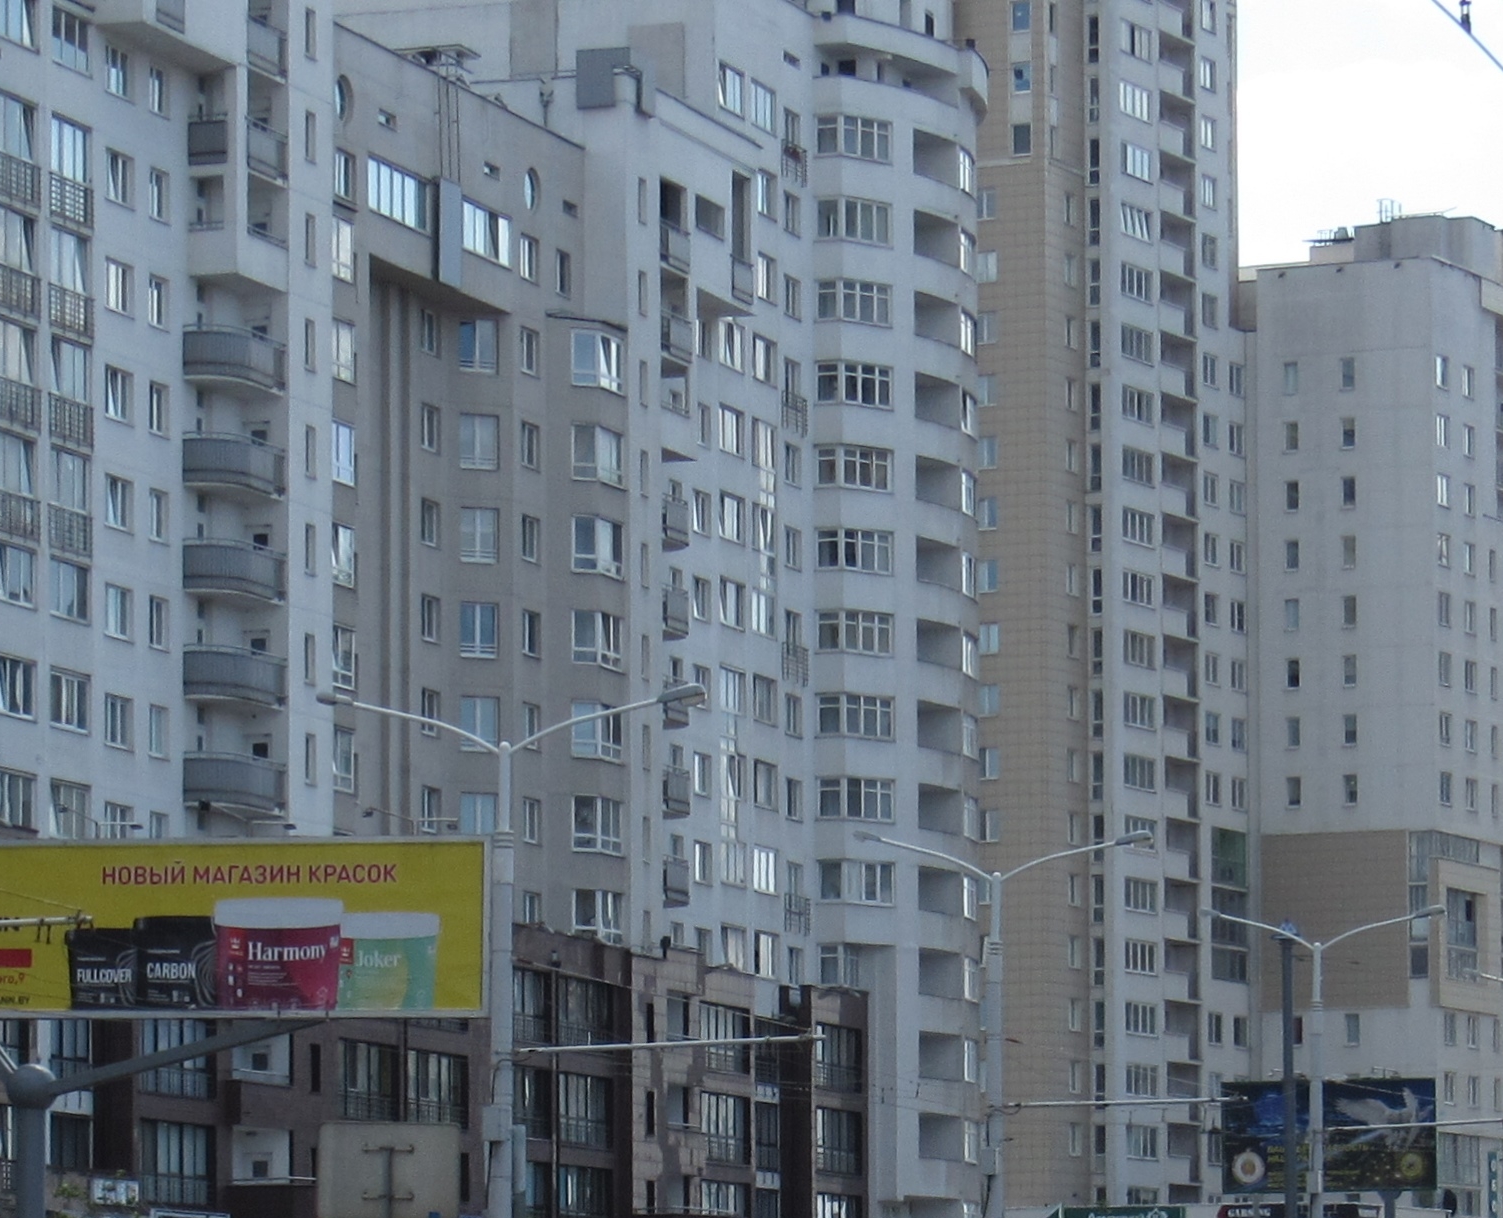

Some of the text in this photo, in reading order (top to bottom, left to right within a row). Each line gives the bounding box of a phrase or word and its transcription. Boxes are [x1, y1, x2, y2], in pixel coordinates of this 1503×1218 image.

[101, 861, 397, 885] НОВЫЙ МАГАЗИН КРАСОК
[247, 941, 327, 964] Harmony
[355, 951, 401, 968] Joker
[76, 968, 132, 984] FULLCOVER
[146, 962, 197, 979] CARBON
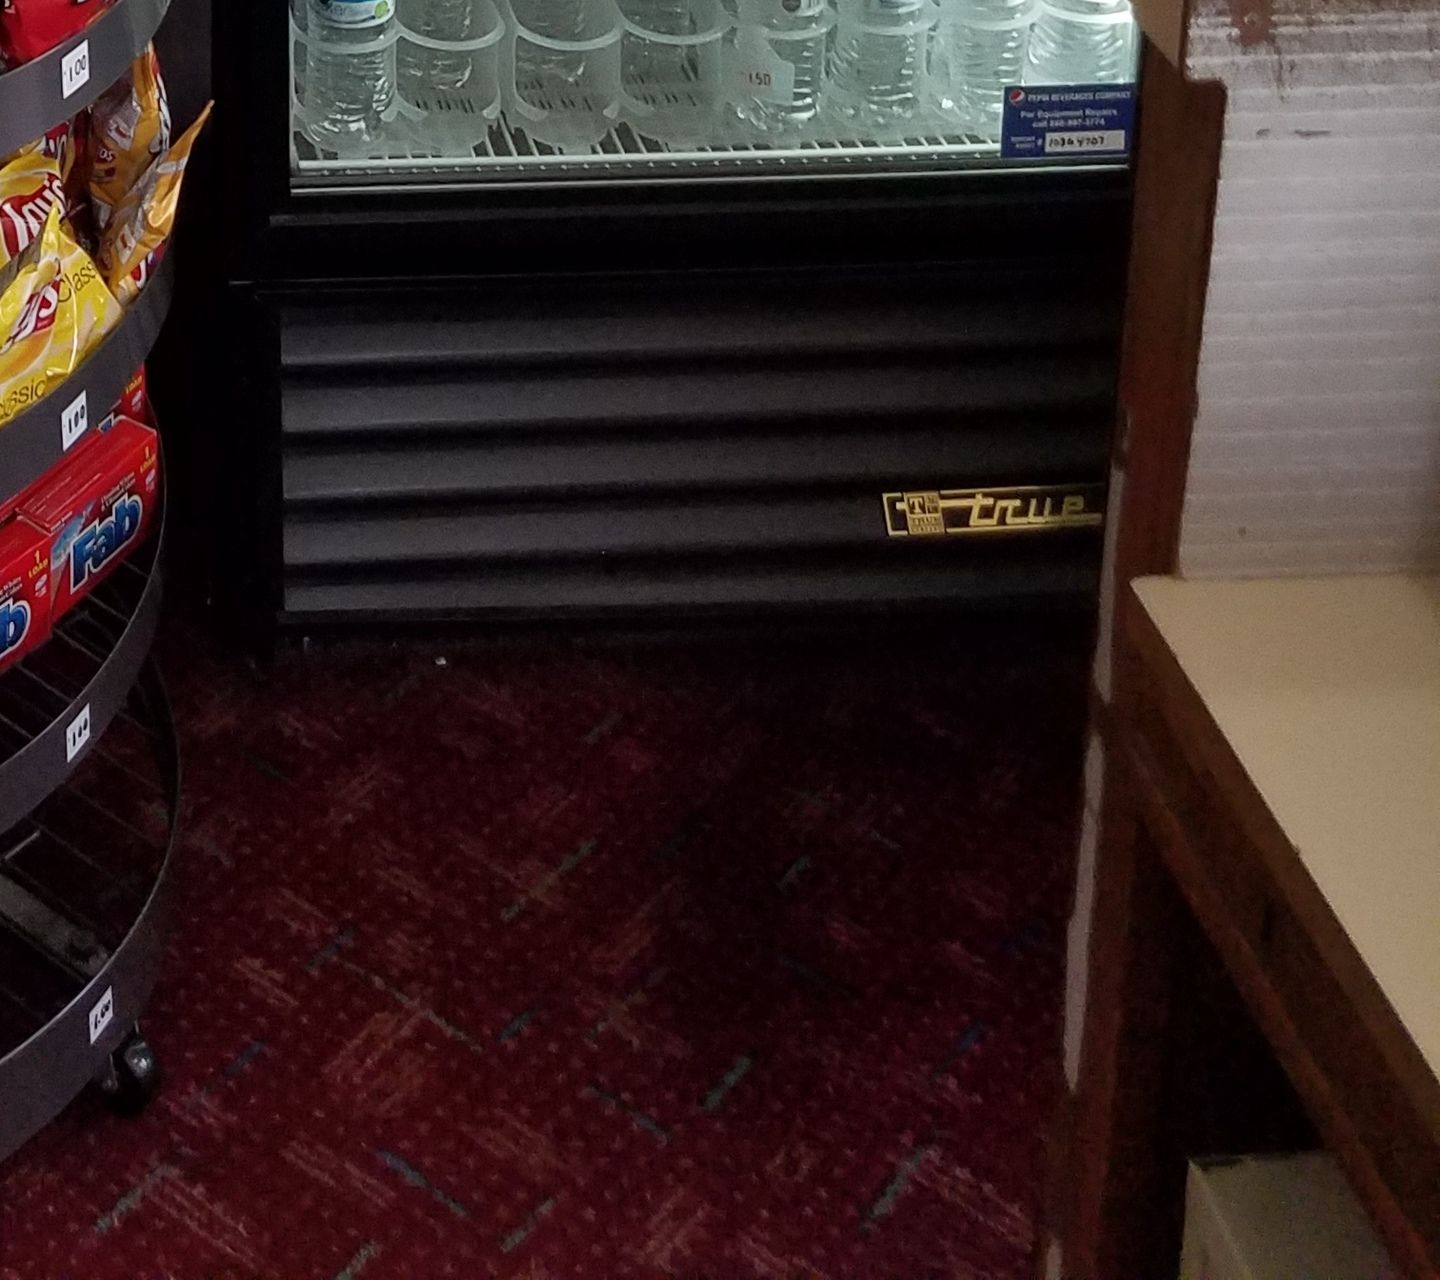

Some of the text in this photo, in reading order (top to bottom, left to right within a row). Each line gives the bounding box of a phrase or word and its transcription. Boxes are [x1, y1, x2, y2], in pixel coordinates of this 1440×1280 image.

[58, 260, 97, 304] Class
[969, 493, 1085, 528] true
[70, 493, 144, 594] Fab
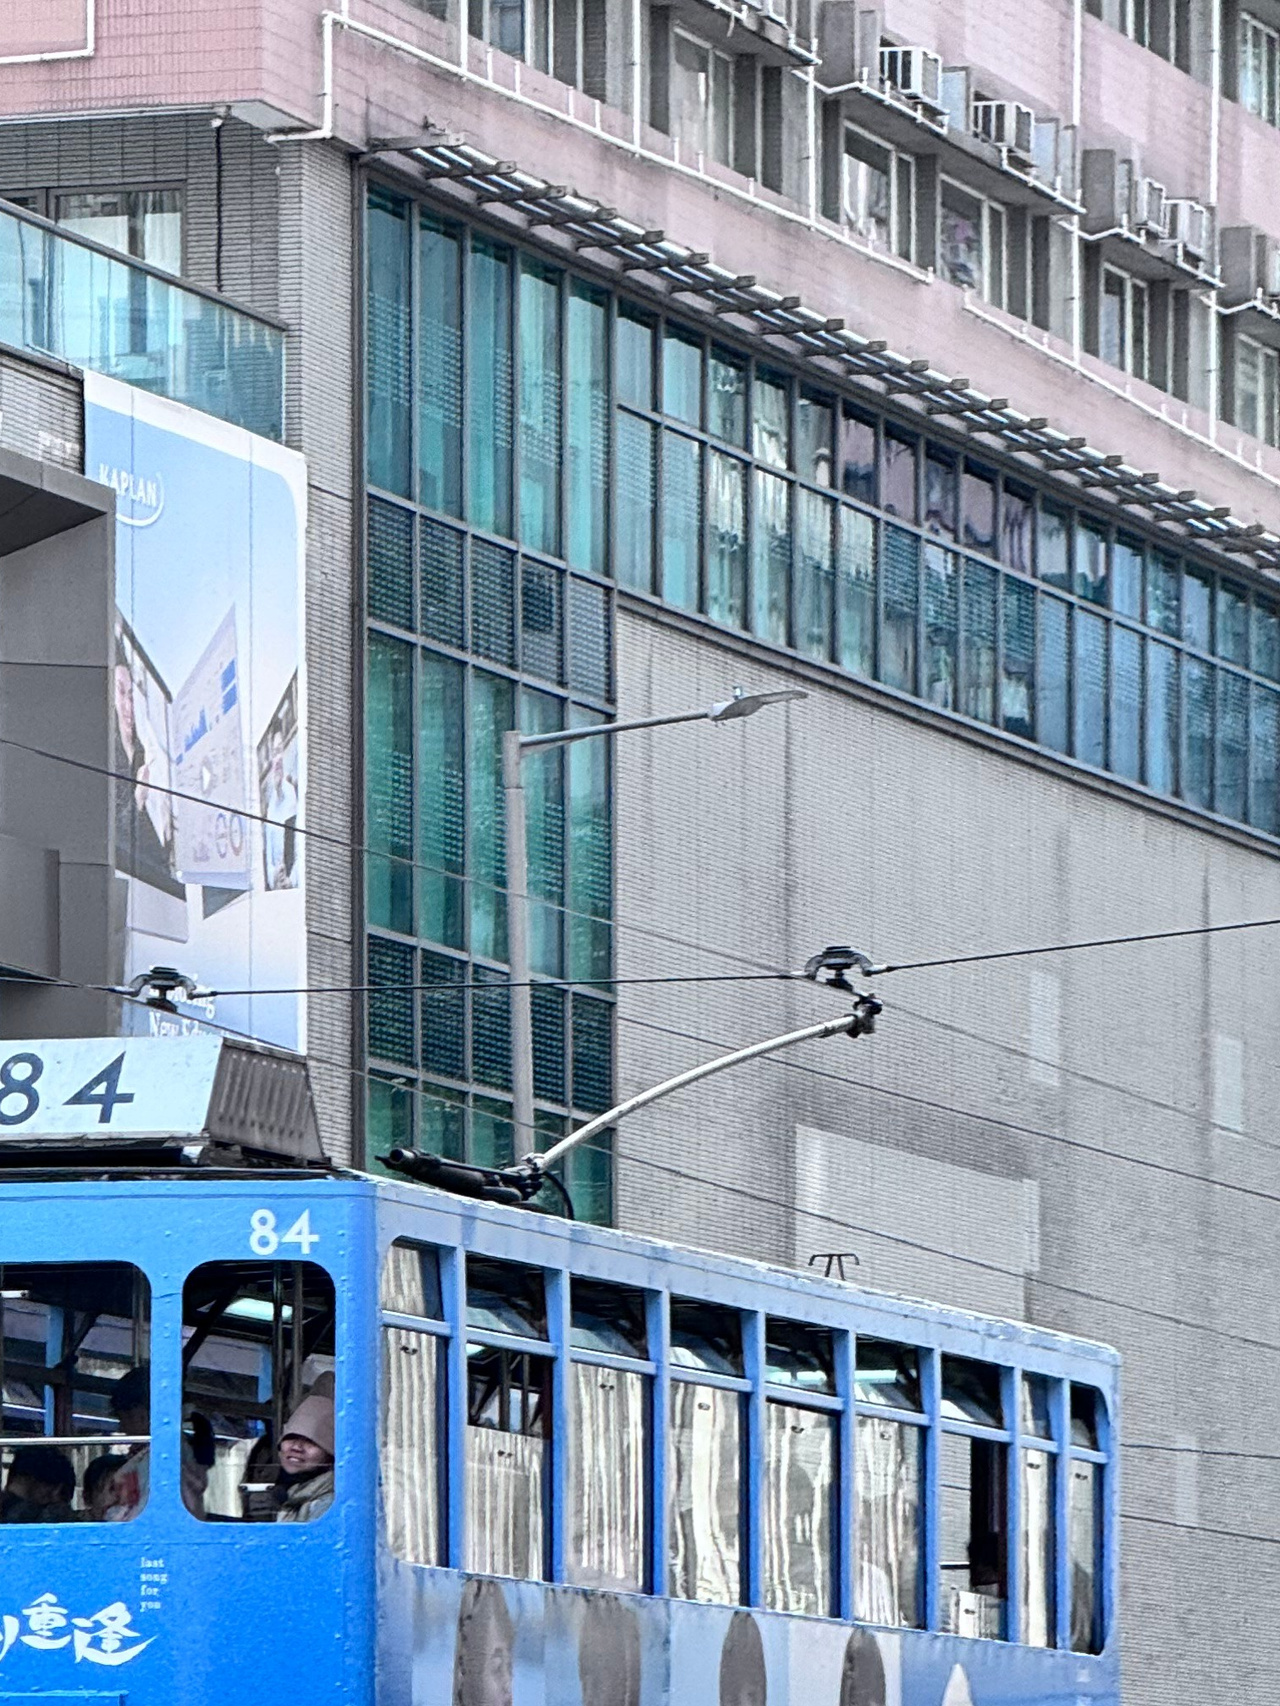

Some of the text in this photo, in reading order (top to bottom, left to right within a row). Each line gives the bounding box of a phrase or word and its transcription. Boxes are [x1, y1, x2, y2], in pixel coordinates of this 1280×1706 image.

══════

▶ [Your assignment] Output the listing above exactly as it stands; no picture should appear.

▶ [Answer to the problem]
Some of the text in this photo, in reading order (top to bottom, left to right within a row). Each line gives the bounding box of a phrase or word and its transcription. Boxes are [x1, y1, x2, y2], in pixel coordinates of this 1503×1218 image.

[101, 861, 397, 885] НОВЫЙ МАГАЗИН КРАСОК
[247, 941, 327, 964] Harmony
[355, 951, 401, 968] Joker
[76, 968, 132, 984] FULLCOVER
[146, 962, 197, 979] CARBON

Some of the text in this photo, in reading order (top to bottom, left to right within a row). Each line gives the bounding box of a phrase or word and its transcription. Boxes are [x1, y1, x2, y2], in pixel coordinates of this 1440×1280 image.

[58, 260, 97, 304] Class
[969, 493, 1085, 528] true
[70, 493, 144, 594] Fab

Some of the text in this photo, in reading order (top to bottom, left to right within a row). Each line gives the bounding box of a phrase or word and its transcription. Boxes are [x1, y1, x2, y2], in pixel coordinates of this 1280×1706 image.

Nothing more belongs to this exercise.